REQUIREMENT -
Pictures don't belong in the copy; print all the records exactly.

AVAILABLE DATA -
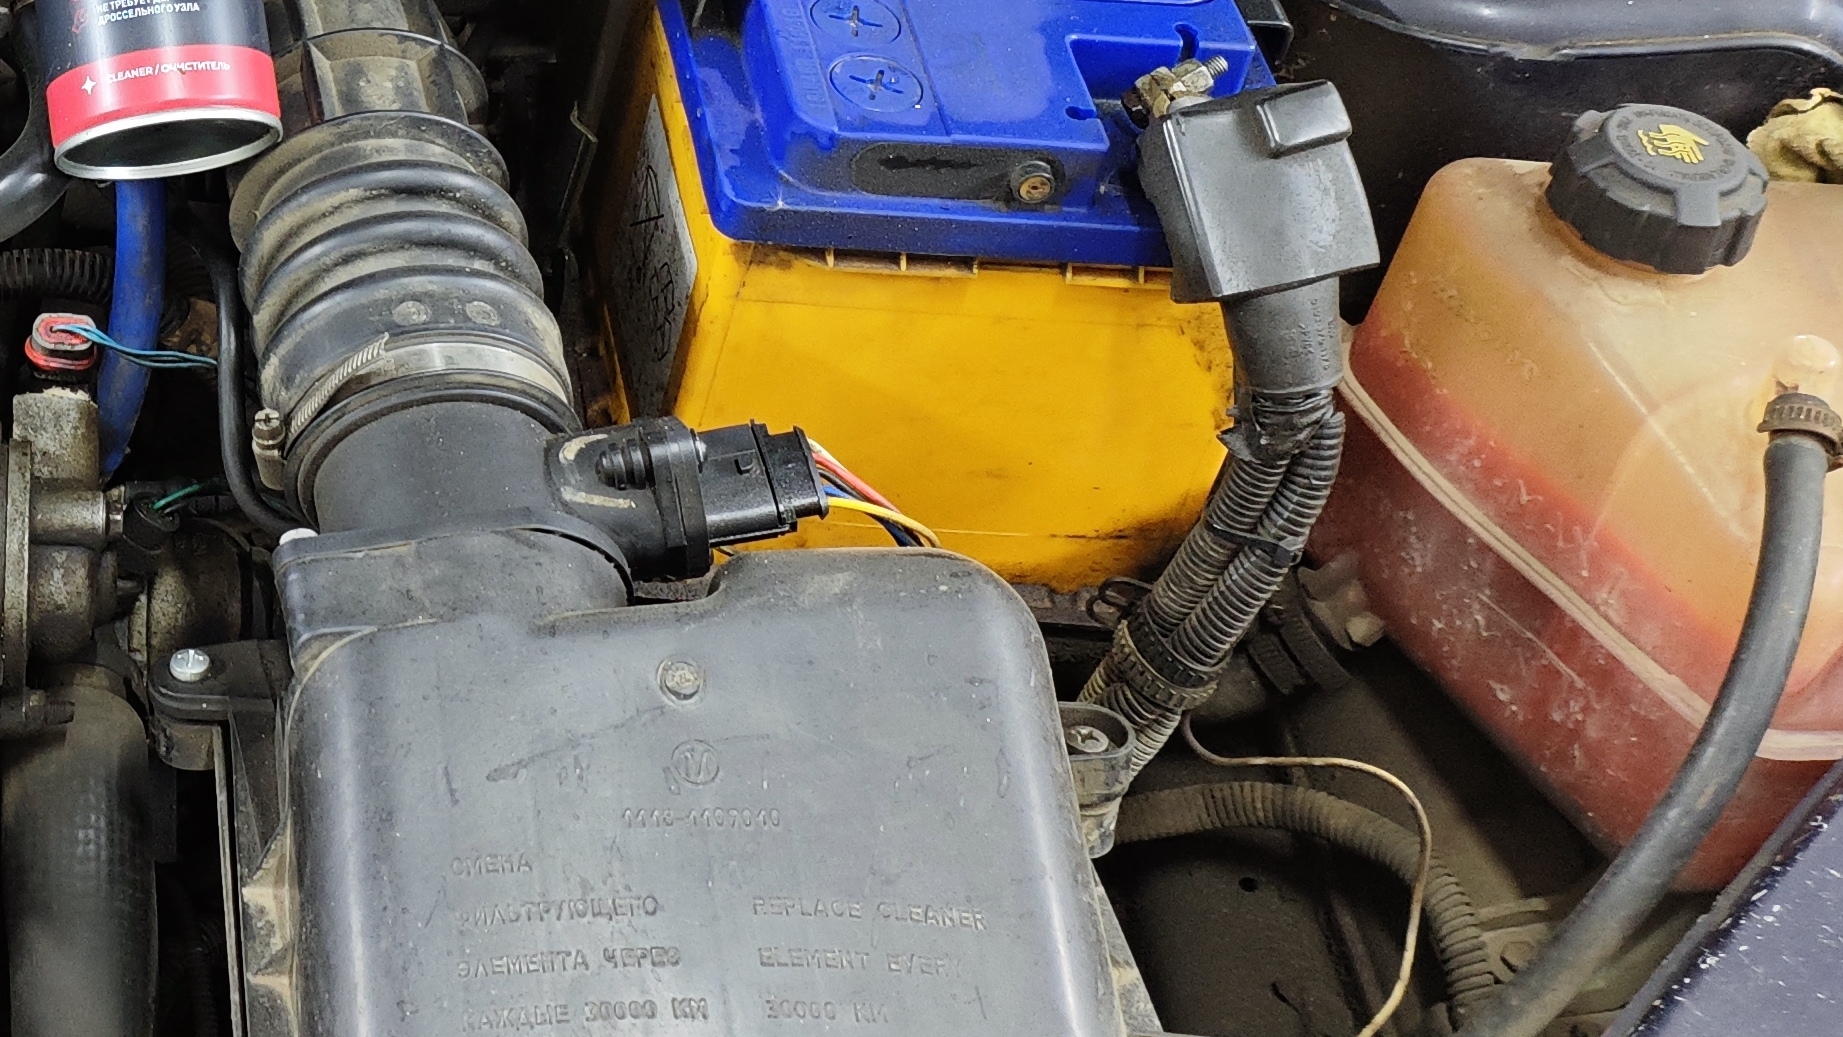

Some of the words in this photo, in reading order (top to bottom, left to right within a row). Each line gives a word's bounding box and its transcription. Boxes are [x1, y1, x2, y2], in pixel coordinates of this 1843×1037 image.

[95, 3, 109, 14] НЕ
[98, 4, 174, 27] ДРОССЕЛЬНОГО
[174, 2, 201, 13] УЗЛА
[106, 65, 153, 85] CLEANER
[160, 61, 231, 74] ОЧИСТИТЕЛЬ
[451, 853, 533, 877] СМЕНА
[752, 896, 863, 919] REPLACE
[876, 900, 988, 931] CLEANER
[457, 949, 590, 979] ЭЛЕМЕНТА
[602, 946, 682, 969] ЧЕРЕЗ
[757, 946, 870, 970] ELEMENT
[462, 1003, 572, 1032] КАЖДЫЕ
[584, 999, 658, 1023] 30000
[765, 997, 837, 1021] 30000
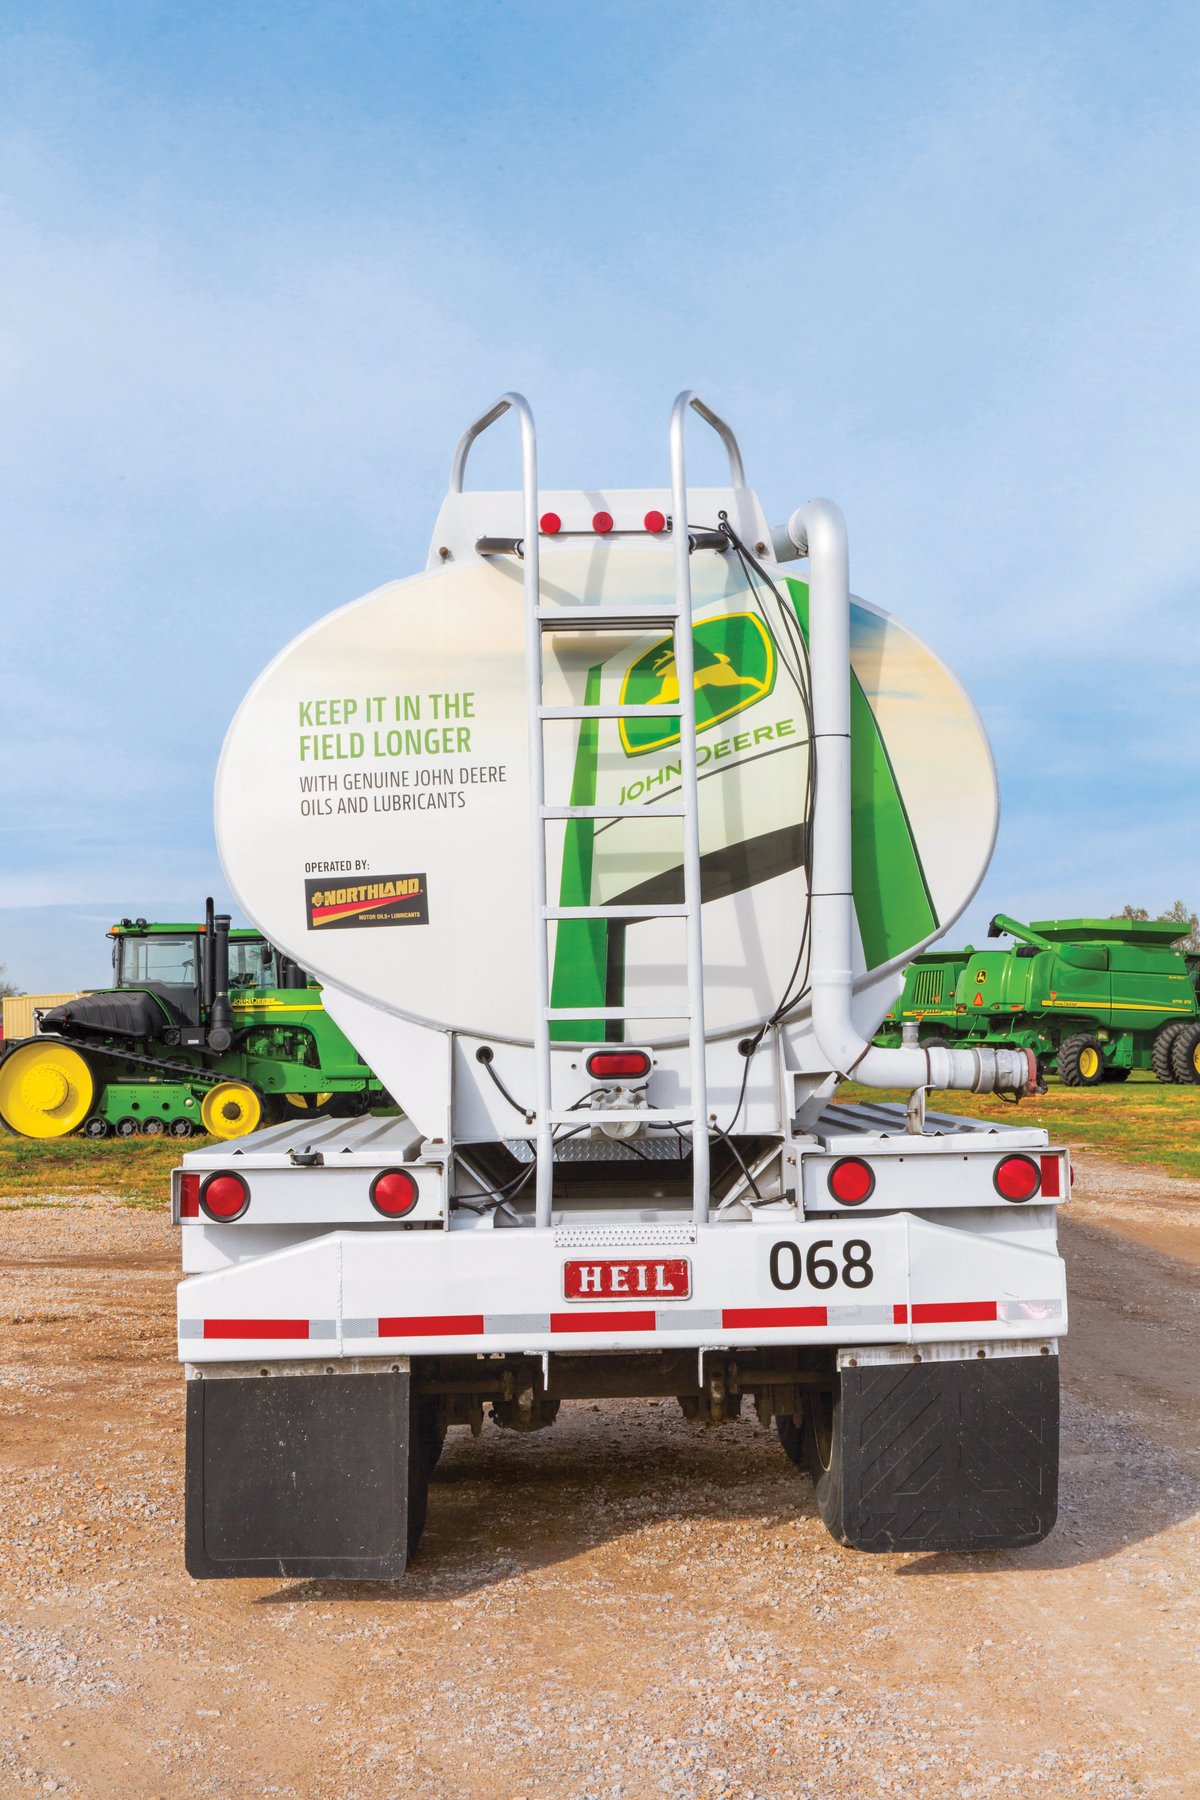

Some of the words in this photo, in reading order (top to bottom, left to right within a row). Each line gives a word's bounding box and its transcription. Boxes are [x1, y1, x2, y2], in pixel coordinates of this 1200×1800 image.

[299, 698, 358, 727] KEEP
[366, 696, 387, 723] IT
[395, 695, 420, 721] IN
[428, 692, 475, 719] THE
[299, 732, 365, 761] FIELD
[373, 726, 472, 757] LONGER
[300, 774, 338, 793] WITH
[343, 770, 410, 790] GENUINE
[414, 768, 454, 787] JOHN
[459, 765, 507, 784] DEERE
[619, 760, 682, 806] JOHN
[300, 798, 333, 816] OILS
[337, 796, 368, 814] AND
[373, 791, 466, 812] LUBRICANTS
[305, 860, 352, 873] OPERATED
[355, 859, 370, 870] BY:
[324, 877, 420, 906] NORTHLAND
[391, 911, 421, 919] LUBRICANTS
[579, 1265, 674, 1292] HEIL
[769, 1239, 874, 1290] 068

WRITTEN RESPONSE -
Some of the words in this photo, in reading order (top to bottom, left to right within a row). Each line gives a word's bounding box and its transcription. Boxes are [x1, y1, x2, y2], in pixel coordinates of this 1843×1037 image.

[95, 3, 109, 14] НЕ
[98, 4, 174, 27] ДРОССЕЛЬНОГО
[174, 2, 201, 13] УЗЛА
[106, 65, 153, 85] CLEANER
[160, 61, 231, 74] ОЧИСТИТЕЛЬ
[451, 853, 533, 877] СМЕНА
[752, 896, 863, 919] REPLACE
[876, 900, 988, 931] CLEANER
[457, 949, 590, 979] ЭЛЕМЕНТА
[602, 946, 682, 969] ЧЕРЕЗ
[757, 946, 870, 970] ELEMENT
[462, 1003, 572, 1032] КАЖДЫЕ
[584, 999, 658, 1023] 30000
[765, 997, 837, 1021] 30000

Some of the words in this photo, in reading order (top to bottom, left to right within a row). Each line gives a word's bounding box and its transcription. Boxes are [x1, y1, x2, y2], in pixel coordinates of this 1200×1800 image.

[299, 698, 358, 727] KEEP
[366, 696, 387, 723] IT
[395, 695, 420, 721] IN
[428, 692, 475, 719] THE
[299, 732, 365, 761] FIELD
[373, 726, 472, 757] LONGER
[300, 774, 338, 793] WITH
[343, 770, 410, 790] GENUINE
[414, 768, 454, 787] JOHN
[459, 765, 507, 784] DEERE
[619, 760, 682, 806] JOHN
[300, 798, 333, 816] OILS
[337, 796, 368, 814] AND
[373, 791, 466, 812] LUBRICANTS
[305, 860, 352, 873] OPERATED
[355, 859, 370, 870] BY:
[324, 877, 420, 906] NORTHLAND
[391, 911, 421, 919] LUBRICANTS
[579, 1265, 674, 1292] HEIL
[769, 1239, 874, 1290] 068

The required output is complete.